- [SUPPLIED ENTRIES]
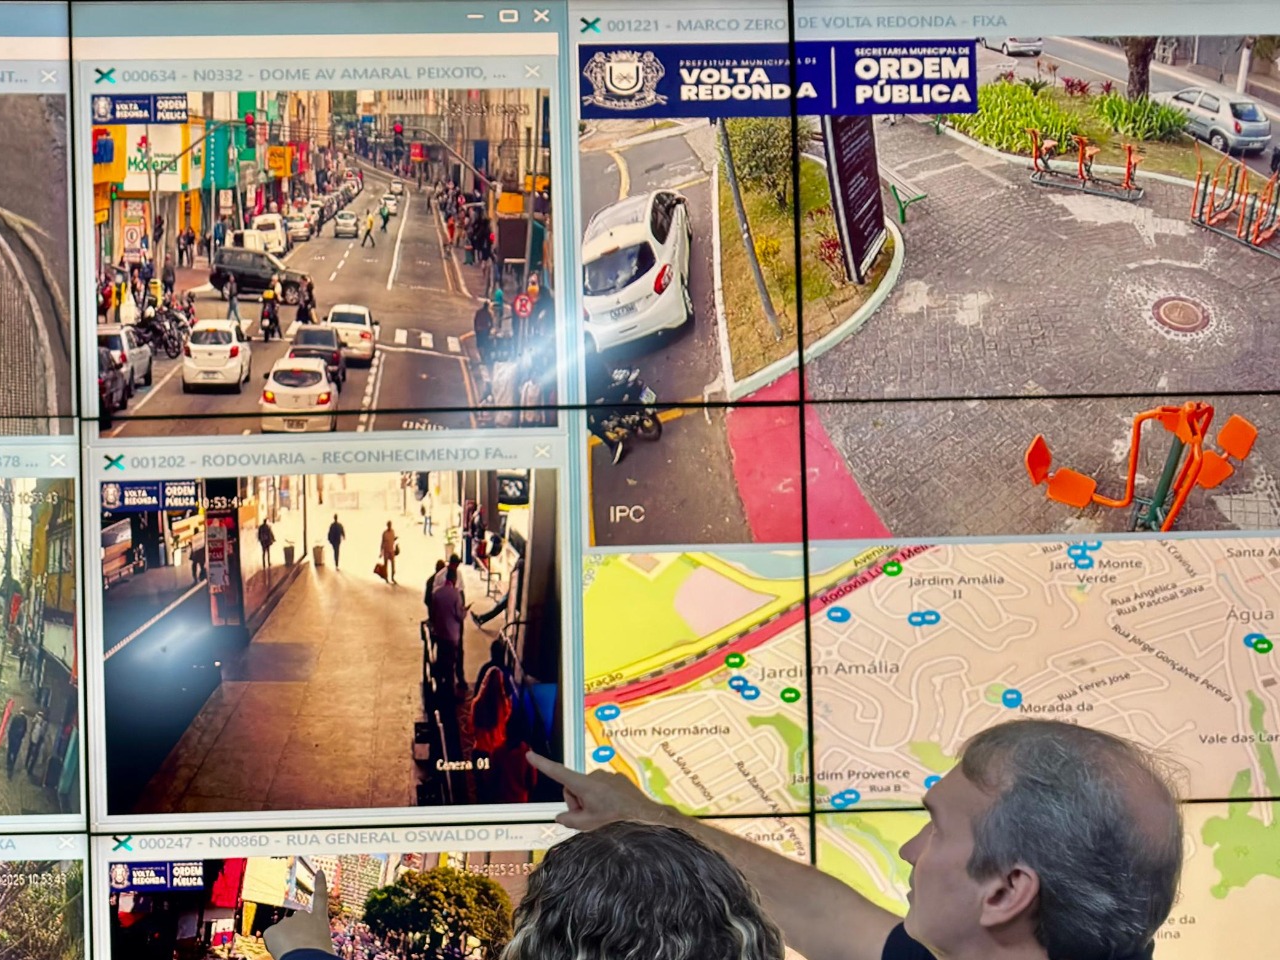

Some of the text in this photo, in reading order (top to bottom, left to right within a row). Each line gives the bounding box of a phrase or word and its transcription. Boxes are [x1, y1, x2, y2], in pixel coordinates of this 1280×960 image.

[607, 15, 1007, 32] 001221 MARCO ZERO DE VOLTA REDONDA FIXA
[855, 46, 970, 57] SECRETARIA MUNICIPAL DE
[122, 66, 487, 83] 000634 N0332 DOME AV AMARAL PEIXOTO,
[679, 67, 770, 84] VOLTA
[854, 57, 970, 80] ORDEM
[679, 82, 818, 101] REDONDA
[855, 78, 971, 105] PÚBLICA
[131, 455, 185, 469] 001202
[202, 453, 306, 468] RODOVIARIA
[322, 448, 480, 464] RECONHECIMENTO
[609, 504, 645, 524] IPC
[1226, 547, 1265, 558] Santa
[1098, 559, 1143, 569] Monte
[908, 574, 1005, 589] Jardim Amália
[1077, 574, 1117, 584] Verde
[820, 575, 869, 606] Rodovia
[1110, 580, 1178, 607] Rua Angélica
[1116, 583, 1205, 617] Rua Pascoal Silva
[1226, 604, 1275, 625] Água
[759, 660, 900, 682] Jardim Amália
[1111, 623, 1234, 703] Rua Jorge Gonçalves Pereira
[1056, 671, 1131, 702] Rua Feres José
[1020, 701, 1094, 714] Morada da
[650, 723, 731, 737] Normândia
[1199, 732, 1255, 744] Vale das
[661, 741, 676, 758] Rua
[476, 757, 490, 770] 01
[735, 760, 750, 778] Rua
[792, 767, 911, 786] Jardim Provence
[869, 784, 891, 794] Rua
[139, 837, 193, 850] 000247
[209, 835, 270, 849] N0086D
[286, 834, 320, 847] RUA
[325, 831, 400, 846] GENERAL
[405, 828, 490, 843] OSWALDO
[1179, 914, 1196, 925] da
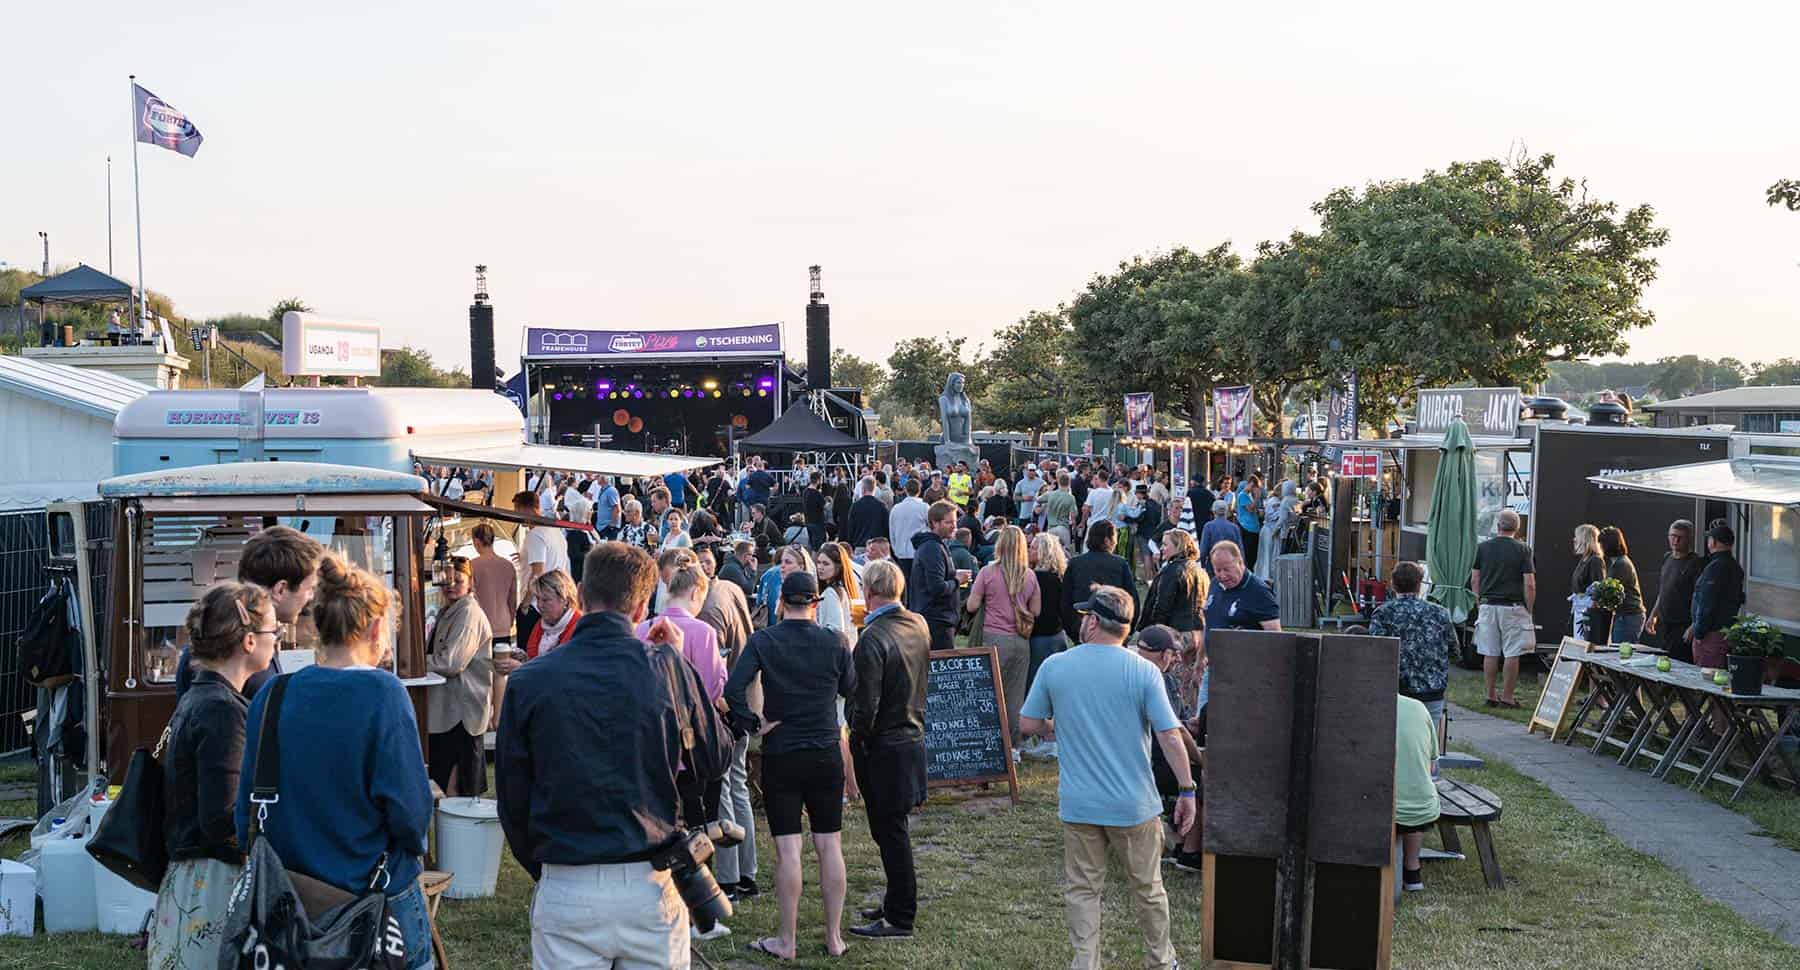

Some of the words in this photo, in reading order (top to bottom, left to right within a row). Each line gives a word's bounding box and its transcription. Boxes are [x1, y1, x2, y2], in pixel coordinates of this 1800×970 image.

[709, 334, 774, 346] TSCHERNING
[308, 344, 334, 355] UGANDA
[1420, 395, 1463, 428] BURGER
[1483, 393, 1516, 430] JACK

- [REQUIRED ACTION]
Reproduce all of the data exactly, omitting each picture it holds.

- [OUTPUT OF THE TASK]
Some of the text in this photo, in reading order (top to bottom, left to right within a row). Each line gives the bounding box of a phrase or word and its transcription. Boxes are [x1, y1, x2, y2], in pixel coordinates of this 1280×960 image.

[607, 15, 1007, 32] 001221 MARCO ZERO DE VOLTA REDONDA FIXA
[855, 46, 970, 57] SECRETARIA MUNICIPAL DE
[122, 66, 487, 83] 000634 N0332 DOME AV AMARAL PEIXOTO,
[679, 67, 770, 84] VOLTA
[854, 57, 970, 80] ORDEM
[679, 82, 818, 101] REDONDA
[855, 78, 971, 105] PÚBLICA
[131, 455, 185, 469] 001202
[202, 453, 306, 468] RODOVIARIA
[322, 448, 480, 464] RECONHECIMENTO
[609, 504, 645, 524] IPC
[1226, 547, 1265, 558] Santa
[1098, 559, 1143, 569] Monte
[908, 574, 1005, 589] Jardim Amália
[1077, 574, 1117, 584] Verde
[820, 575, 869, 606] Rodovia
[1110, 580, 1178, 607] Rua Angélica
[1116, 583, 1205, 617] Rua Pascoal Silva
[1226, 604, 1275, 625] Água
[759, 660, 900, 682] Jardim Amália
[1111, 623, 1234, 703] Rua Jorge Gonçalves Pereira
[1056, 671, 1131, 702] Rua Feres José
[1020, 701, 1094, 714] Morada da
[650, 723, 731, 737] Normândia
[1199, 732, 1255, 744] Vale das
[661, 741, 676, 758] Rua
[476, 757, 490, 770] 01
[735, 760, 750, 778] Rua
[792, 767, 911, 786] Jardim Provence
[869, 784, 891, 794] Rua
[139, 837, 193, 850] 000247
[209, 835, 270, 849] N0086D
[286, 834, 320, 847] RUA
[325, 831, 400, 846] GENERAL
[405, 828, 490, 843] OSWALDO
[1179, 914, 1196, 925] da

Some of the words in this photo, in reading order (top to bottom, left to right within a row). Each line gives a word's bounding box and its transcription. Boxes are [x1, y1, x2, y2], in pixel coordinates of this 1800×970 image.

[709, 334, 774, 346] TSCHERNING
[308, 344, 334, 355] UGANDA
[1420, 395, 1463, 428] BURGER
[1483, 393, 1516, 430] JACK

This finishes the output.